Recorded information
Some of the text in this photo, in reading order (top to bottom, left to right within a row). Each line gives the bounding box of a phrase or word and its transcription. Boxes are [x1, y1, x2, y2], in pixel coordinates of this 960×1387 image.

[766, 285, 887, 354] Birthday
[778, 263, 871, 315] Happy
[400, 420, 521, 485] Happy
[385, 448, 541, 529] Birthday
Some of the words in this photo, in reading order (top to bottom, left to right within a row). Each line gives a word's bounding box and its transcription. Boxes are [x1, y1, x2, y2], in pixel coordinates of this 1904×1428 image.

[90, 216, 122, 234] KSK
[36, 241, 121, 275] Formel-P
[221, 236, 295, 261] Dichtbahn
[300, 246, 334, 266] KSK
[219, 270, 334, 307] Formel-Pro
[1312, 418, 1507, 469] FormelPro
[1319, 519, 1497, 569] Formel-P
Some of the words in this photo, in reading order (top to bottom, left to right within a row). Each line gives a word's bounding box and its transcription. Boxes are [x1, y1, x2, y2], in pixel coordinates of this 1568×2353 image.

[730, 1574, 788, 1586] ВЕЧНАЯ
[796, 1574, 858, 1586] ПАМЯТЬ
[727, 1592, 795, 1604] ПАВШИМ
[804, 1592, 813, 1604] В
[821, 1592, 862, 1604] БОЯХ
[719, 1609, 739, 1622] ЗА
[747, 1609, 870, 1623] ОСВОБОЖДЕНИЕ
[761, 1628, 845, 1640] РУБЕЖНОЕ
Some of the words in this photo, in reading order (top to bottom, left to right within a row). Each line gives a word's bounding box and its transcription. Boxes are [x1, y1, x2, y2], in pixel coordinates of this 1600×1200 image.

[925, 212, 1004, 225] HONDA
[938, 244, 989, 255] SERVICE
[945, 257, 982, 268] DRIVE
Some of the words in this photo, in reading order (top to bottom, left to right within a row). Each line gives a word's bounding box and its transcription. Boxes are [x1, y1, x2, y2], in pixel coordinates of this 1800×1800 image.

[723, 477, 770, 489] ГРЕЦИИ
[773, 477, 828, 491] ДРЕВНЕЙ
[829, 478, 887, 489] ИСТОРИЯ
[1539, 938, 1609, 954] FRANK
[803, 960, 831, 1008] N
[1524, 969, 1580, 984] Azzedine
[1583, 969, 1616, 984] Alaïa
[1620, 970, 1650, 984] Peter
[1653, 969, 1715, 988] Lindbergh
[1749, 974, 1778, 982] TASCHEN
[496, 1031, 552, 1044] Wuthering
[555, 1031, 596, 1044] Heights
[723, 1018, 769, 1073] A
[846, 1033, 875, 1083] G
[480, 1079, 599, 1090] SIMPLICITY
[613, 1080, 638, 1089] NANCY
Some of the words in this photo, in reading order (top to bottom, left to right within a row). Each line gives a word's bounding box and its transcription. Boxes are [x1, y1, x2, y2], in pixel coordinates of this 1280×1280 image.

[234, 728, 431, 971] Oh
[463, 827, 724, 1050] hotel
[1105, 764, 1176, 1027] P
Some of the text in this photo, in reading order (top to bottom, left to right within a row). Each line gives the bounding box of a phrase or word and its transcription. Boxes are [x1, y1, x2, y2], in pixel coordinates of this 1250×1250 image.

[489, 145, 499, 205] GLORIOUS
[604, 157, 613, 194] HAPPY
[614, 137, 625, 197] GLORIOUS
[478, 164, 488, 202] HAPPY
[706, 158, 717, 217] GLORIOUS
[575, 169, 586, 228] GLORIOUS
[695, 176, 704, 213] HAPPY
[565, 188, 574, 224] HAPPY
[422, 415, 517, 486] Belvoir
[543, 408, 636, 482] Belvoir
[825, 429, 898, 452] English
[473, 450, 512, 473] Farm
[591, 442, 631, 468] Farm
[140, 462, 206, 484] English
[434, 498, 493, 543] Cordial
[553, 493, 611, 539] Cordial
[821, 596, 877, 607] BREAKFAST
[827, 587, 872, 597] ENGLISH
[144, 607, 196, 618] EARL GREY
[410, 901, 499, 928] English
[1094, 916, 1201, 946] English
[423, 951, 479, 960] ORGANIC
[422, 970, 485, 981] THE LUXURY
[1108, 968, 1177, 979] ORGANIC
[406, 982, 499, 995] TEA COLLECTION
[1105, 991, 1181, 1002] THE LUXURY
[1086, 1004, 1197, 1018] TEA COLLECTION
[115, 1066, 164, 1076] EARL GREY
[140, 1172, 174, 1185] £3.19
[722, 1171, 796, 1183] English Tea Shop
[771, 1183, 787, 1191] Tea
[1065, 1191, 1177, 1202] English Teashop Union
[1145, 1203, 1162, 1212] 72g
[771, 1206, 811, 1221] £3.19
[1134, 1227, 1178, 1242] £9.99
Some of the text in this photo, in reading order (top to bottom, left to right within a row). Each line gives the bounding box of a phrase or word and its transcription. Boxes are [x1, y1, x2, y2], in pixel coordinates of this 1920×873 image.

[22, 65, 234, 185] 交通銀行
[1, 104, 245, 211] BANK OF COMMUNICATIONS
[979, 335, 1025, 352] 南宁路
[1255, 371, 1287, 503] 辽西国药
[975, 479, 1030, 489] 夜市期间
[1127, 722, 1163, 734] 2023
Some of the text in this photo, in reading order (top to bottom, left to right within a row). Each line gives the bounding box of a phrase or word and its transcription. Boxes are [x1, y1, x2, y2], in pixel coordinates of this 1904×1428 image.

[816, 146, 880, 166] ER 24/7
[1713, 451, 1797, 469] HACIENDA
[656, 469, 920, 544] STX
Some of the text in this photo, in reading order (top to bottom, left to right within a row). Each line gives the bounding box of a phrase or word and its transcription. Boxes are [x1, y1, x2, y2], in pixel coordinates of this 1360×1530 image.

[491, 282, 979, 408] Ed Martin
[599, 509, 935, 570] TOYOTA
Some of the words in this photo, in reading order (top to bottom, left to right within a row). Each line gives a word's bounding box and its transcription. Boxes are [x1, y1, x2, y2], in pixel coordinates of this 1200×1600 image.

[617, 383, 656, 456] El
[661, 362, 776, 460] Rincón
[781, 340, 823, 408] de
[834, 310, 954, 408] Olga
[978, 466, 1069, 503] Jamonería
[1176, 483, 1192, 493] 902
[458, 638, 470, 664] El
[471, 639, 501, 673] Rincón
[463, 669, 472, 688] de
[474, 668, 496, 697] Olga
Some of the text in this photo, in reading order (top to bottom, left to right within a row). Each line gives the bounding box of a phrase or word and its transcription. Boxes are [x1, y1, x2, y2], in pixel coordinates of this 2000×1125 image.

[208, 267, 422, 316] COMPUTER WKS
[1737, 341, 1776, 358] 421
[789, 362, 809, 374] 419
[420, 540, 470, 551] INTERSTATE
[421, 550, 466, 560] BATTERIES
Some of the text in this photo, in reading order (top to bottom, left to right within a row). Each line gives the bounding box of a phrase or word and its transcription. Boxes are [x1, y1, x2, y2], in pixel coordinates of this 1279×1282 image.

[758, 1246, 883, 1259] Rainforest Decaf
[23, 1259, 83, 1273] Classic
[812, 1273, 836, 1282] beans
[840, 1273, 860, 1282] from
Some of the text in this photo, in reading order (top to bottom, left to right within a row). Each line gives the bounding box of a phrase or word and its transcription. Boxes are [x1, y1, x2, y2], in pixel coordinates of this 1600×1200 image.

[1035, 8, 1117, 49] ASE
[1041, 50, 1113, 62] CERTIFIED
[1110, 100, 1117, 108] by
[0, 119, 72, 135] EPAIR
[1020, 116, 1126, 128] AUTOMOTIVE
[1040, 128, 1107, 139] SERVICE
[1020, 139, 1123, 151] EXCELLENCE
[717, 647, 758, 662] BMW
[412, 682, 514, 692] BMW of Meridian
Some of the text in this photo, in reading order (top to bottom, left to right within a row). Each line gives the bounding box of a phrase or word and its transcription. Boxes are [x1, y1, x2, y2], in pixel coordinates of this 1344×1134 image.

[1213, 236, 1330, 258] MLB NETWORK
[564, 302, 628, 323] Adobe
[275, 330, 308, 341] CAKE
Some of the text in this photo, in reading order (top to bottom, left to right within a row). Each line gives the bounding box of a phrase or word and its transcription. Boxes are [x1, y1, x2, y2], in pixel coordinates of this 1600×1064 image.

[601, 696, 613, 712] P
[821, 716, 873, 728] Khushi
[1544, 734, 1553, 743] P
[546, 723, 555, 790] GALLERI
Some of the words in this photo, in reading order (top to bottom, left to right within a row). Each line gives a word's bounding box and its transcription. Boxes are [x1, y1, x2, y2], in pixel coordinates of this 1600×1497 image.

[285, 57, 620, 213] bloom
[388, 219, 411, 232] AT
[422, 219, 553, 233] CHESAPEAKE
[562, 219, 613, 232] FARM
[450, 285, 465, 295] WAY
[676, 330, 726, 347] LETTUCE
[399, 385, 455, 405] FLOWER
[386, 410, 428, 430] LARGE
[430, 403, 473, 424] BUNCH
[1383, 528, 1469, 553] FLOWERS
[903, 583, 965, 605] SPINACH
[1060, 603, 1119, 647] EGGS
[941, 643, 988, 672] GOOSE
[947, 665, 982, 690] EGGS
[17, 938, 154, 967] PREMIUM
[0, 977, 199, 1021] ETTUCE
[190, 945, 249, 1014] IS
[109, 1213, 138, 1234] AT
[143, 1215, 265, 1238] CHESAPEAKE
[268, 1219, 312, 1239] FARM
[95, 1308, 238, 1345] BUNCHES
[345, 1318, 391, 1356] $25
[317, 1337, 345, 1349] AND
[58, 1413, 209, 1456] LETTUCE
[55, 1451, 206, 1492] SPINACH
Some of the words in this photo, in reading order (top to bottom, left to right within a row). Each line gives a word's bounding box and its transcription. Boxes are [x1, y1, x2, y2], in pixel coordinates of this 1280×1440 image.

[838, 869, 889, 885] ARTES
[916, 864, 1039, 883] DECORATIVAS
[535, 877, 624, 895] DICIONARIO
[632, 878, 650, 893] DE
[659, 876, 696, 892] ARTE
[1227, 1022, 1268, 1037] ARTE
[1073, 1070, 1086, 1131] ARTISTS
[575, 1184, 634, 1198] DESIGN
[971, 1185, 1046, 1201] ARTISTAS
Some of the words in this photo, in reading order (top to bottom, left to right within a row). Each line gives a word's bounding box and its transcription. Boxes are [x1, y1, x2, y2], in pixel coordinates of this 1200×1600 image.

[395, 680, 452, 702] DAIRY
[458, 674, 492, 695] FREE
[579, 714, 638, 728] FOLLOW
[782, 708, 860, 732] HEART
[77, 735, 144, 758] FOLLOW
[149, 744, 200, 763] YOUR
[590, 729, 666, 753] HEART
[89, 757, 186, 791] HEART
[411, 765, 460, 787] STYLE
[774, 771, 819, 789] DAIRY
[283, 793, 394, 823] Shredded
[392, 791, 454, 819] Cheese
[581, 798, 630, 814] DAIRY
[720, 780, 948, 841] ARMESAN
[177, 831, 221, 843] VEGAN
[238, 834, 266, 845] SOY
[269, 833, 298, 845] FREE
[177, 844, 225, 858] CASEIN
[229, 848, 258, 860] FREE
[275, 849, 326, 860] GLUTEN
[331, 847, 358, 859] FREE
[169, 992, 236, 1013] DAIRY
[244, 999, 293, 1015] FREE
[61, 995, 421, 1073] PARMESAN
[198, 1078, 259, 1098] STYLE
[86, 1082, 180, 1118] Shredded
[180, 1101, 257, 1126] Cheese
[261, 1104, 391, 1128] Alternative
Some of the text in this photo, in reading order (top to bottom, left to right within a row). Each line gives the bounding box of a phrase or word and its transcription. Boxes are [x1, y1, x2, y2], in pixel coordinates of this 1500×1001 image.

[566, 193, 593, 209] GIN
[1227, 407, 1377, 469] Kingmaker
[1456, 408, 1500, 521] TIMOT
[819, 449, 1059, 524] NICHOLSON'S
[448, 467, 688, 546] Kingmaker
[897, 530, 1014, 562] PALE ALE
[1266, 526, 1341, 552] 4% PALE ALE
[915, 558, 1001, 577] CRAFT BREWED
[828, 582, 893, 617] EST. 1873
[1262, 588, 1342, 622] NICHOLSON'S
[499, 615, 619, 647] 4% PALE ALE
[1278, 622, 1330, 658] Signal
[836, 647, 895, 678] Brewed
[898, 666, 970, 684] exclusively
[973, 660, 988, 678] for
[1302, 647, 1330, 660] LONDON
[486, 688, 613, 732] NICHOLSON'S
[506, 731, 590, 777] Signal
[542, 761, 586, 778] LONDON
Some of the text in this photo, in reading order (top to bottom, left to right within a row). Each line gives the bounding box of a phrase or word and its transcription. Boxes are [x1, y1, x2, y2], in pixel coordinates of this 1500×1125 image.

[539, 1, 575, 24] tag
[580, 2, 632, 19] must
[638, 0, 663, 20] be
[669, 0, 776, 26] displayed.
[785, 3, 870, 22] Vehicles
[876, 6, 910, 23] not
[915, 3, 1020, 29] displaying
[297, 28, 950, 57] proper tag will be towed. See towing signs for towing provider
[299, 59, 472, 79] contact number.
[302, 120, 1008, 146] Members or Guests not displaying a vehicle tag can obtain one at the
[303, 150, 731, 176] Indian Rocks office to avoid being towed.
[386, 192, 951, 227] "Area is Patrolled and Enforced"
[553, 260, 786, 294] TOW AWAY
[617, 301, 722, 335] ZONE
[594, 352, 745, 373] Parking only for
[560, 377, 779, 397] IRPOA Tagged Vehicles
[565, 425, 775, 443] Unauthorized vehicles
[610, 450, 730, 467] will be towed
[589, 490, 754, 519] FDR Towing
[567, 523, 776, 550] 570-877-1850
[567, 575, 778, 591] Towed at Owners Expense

Work request
Reproduce the lines from the one containing "this 1500×1125 image." to the end of the entries, keeping both ends and adding nothing.

Solution
Some of the text in this photo, in reading order (top to bottom, left to right within a row). Each line gives the bounding box of a phrase or word and its transcription. Boxes are [x1, y1, x2, y2], in pixel coordinates of this 1500×1125 image.

[539, 1, 575, 24] tag
[580, 2, 632, 19] must
[638, 0, 663, 20] be
[669, 0, 776, 26] displayed.
[785, 3, 870, 22] Vehicles
[876, 6, 910, 23] not
[915, 3, 1020, 29] displaying
[297, 28, 950, 57] proper tag will be towed. See towing signs for towing provider
[299, 59, 472, 79] contact number.
[302, 120, 1008, 146] Members or Guests not displaying a vehicle tag can obtain one at the
[303, 150, 731, 176] Indian Rocks office to avoid being towed.
[386, 192, 951, 227] "Area is Patrolled and Enforced"
[553, 260, 786, 294] TOW AWAY
[617, 301, 722, 335] ZONE
[594, 352, 745, 373] Parking only for
[560, 377, 779, 397] IRPOA Tagged Vehicles
[565, 425, 775, 443] Unauthorized vehicles
[610, 450, 730, 467] will be towed
[589, 490, 754, 519] FDR Towing
[567, 523, 776, 550] 570-877-1850
[567, 575, 778, 591] Towed at Owners Expense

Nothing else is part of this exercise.